- [SOURCE RECORDS]:
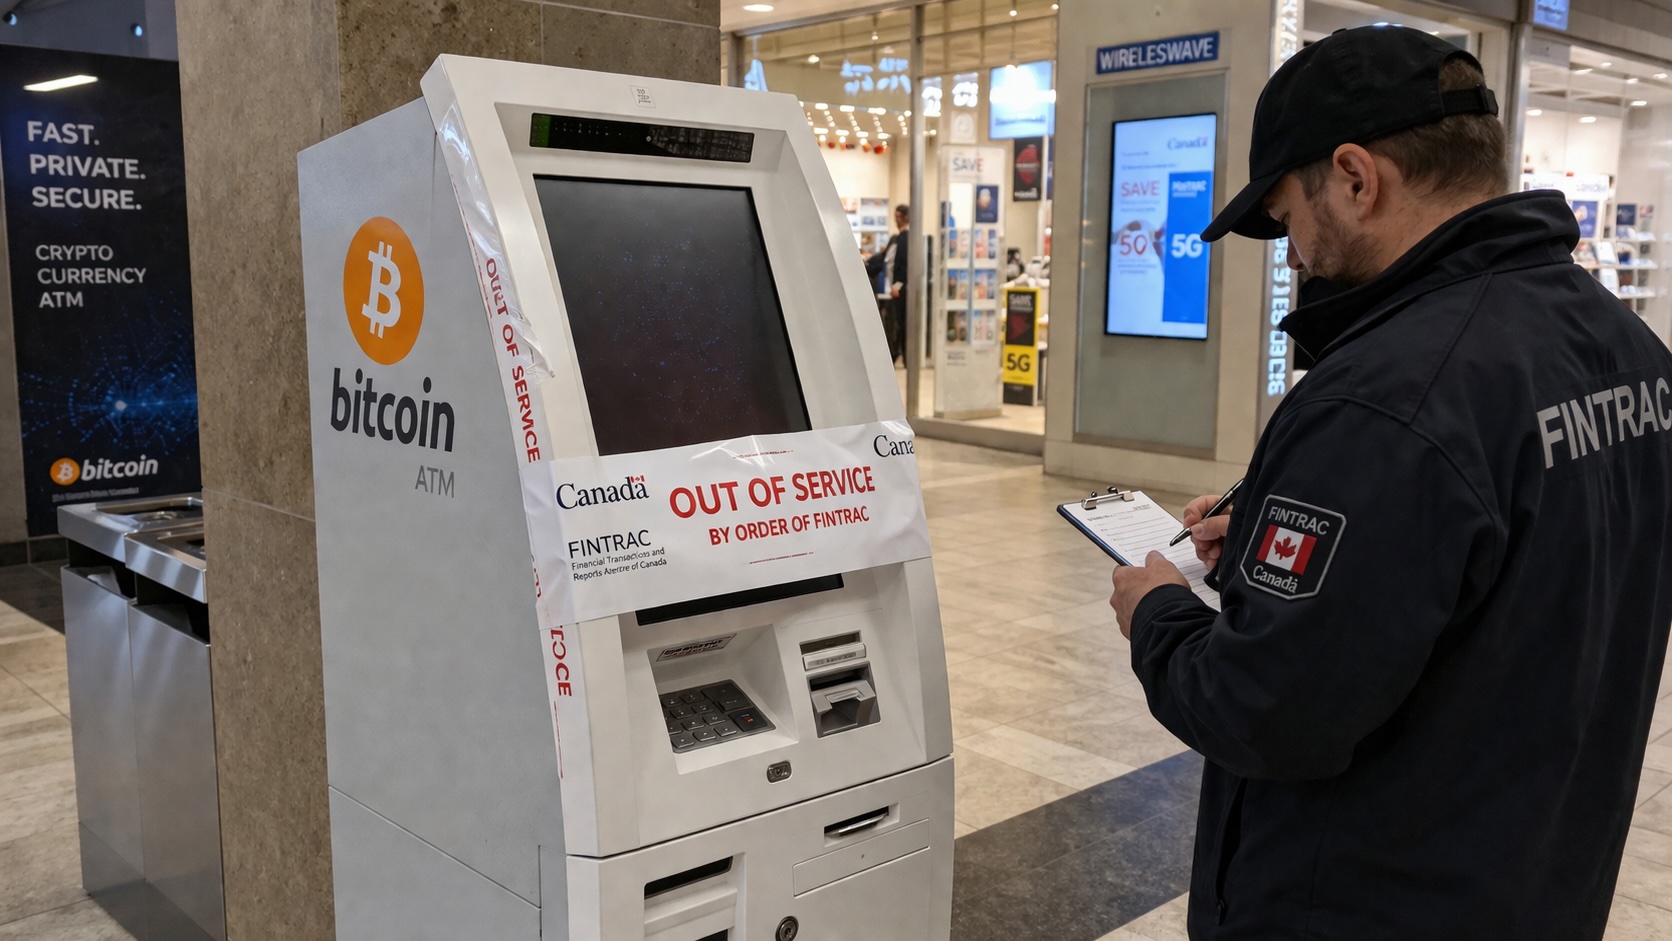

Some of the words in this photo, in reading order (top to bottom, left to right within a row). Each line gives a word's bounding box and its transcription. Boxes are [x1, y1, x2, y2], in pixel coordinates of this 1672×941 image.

[1099, 36, 1214, 72] WIRELESWAVE
[27, 121, 100, 146] FAST.
[29, 154, 146, 180] PRIVATE.
[952, 157, 985, 173] SAVE
[32, 187, 142, 211] SECURE.
[1120, 181, 1160, 198] SAVE
[35, 244, 114, 262] CRYPTO
[1119, 234, 1148, 257] 50
[1171, 233, 1204, 259] 5G
[37, 267, 147, 285] CURRENCY
[39, 290, 84, 309] ATM
[1006, 353, 1031, 373] 5G
[502, 324, 520, 358] OF
[512, 365, 542, 464] SERVICE
[330, 367, 455, 453] bitcoin
[1536, 377, 1672, 469] FINTRAC
[81, 454, 159, 481] bitcoin
[414, 465, 456, 498] ATM
[669, 480, 739, 519] OUT
[748, 475, 787, 508] OF
[792, 465, 875, 502] SERVICE
[708, 525, 729, 546] BY
[734, 517, 790, 542] ORDER
[791, 514, 810, 533] OF
[813, 505, 870, 529] FINTRAC
[1268, 506, 1330, 535] FINTRAC
[568, 529, 652, 559] FINTRAC
[571, 557, 605, 571] Financial
[652, 547, 665, 557] and
[640, 557, 667, 569] Canada
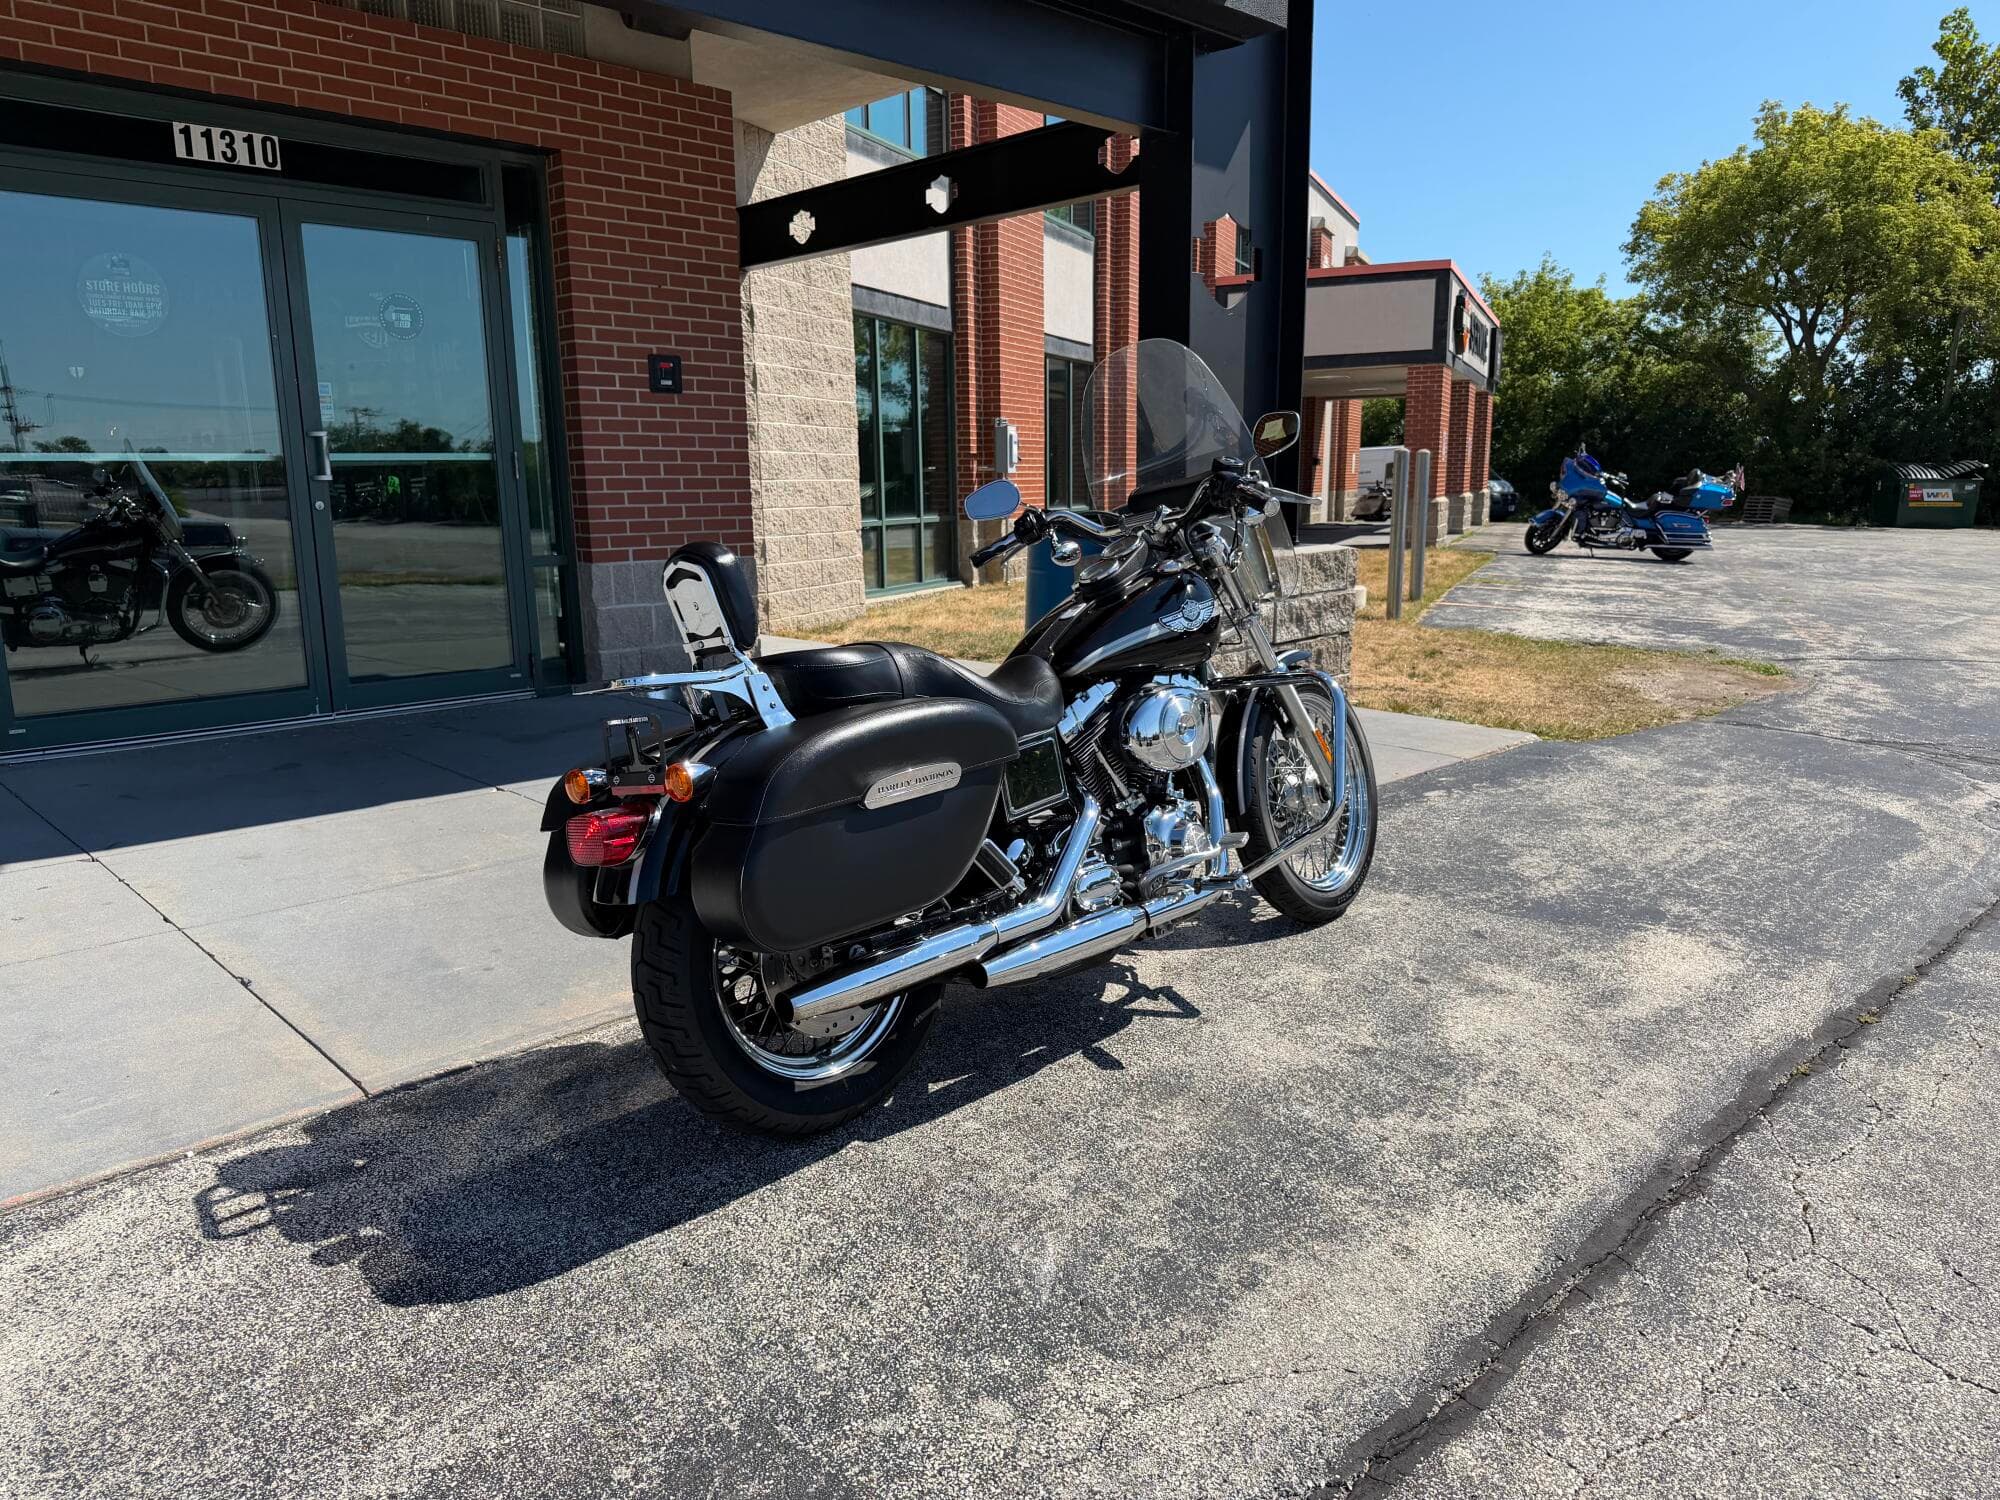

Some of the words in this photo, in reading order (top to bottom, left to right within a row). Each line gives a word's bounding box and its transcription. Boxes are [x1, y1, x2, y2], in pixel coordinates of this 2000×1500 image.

[178, 124, 279, 169] 11310
[86, 280, 120, 293] STORE
[123, 281, 160, 295] HOURS

- [THE TASK]: The material shown above is to be repeated verbatim, and its pictures are to be omitted.

- [THE ANSWER]:
Some of the words in this photo, in reading order (top to bottom, left to right within a row). Each line gives a word's bounding box and its transcription. Boxes are [x1, y1, x2, y2], in pixel coordinates of this 1672×941 image.

[1099, 36, 1214, 72] WIRELESWAVE
[27, 121, 100, 146] FAST.
[29, 154, 146, 180] PRIVATE.
[952, 157, 985, 173] SAVE
[32, 187, 142, 211] SECURE.
[1120, 181, 1160, 198] SAVE
[35, 244, 114, 262] CRYPTO
[1119, 234, 1148, 257] 50
[1171, 233, 1204, 259] 5G
[37, 267, 147, 285] CURRENCY
[39, 290, 84, 309] ATM
[1006, 353, 1031, 373] 5G
[502, 324, 520, 358] OF
[512, 365, 542, 464] SERVICE
[330, 367, 455, 453] bitcoin
[1536, 377, 1672, 469] FINTRAC
[81, 454, 159, 481] bitcoin
[414, 465, 456, 498] ATM
[669, 480, 739, 519] OUT
[748, 475, 787, 508] OF
[792, 465, 875, 502] SERVICE
[708, 525, 729, 546] BY
[734, 517, 790, 542] ORDER
[791, 514, 810, 533] OF
[813, 505, 870, 529] FINTRAC
[1268, 506, 1330, 535] FINTRAC
[568, 529, 652, 559] FINTRAC
[571, 557, 605, 571] Financial
[652, 547, 665, 557] and
[640, 557, 667, 569] Canada

Some of the words in this photo, in reading order (top to bottom, left to right within a row). Each line gives a word's bounding box and its transcription. Boxes are [x1, y1, x2, y2], in pixel coordinates of this 2000×1500 image.

[178, 124, 279, 169] 11310
[86, 280, 120, 293] STORE
[123, 281, 160, 295] HOURS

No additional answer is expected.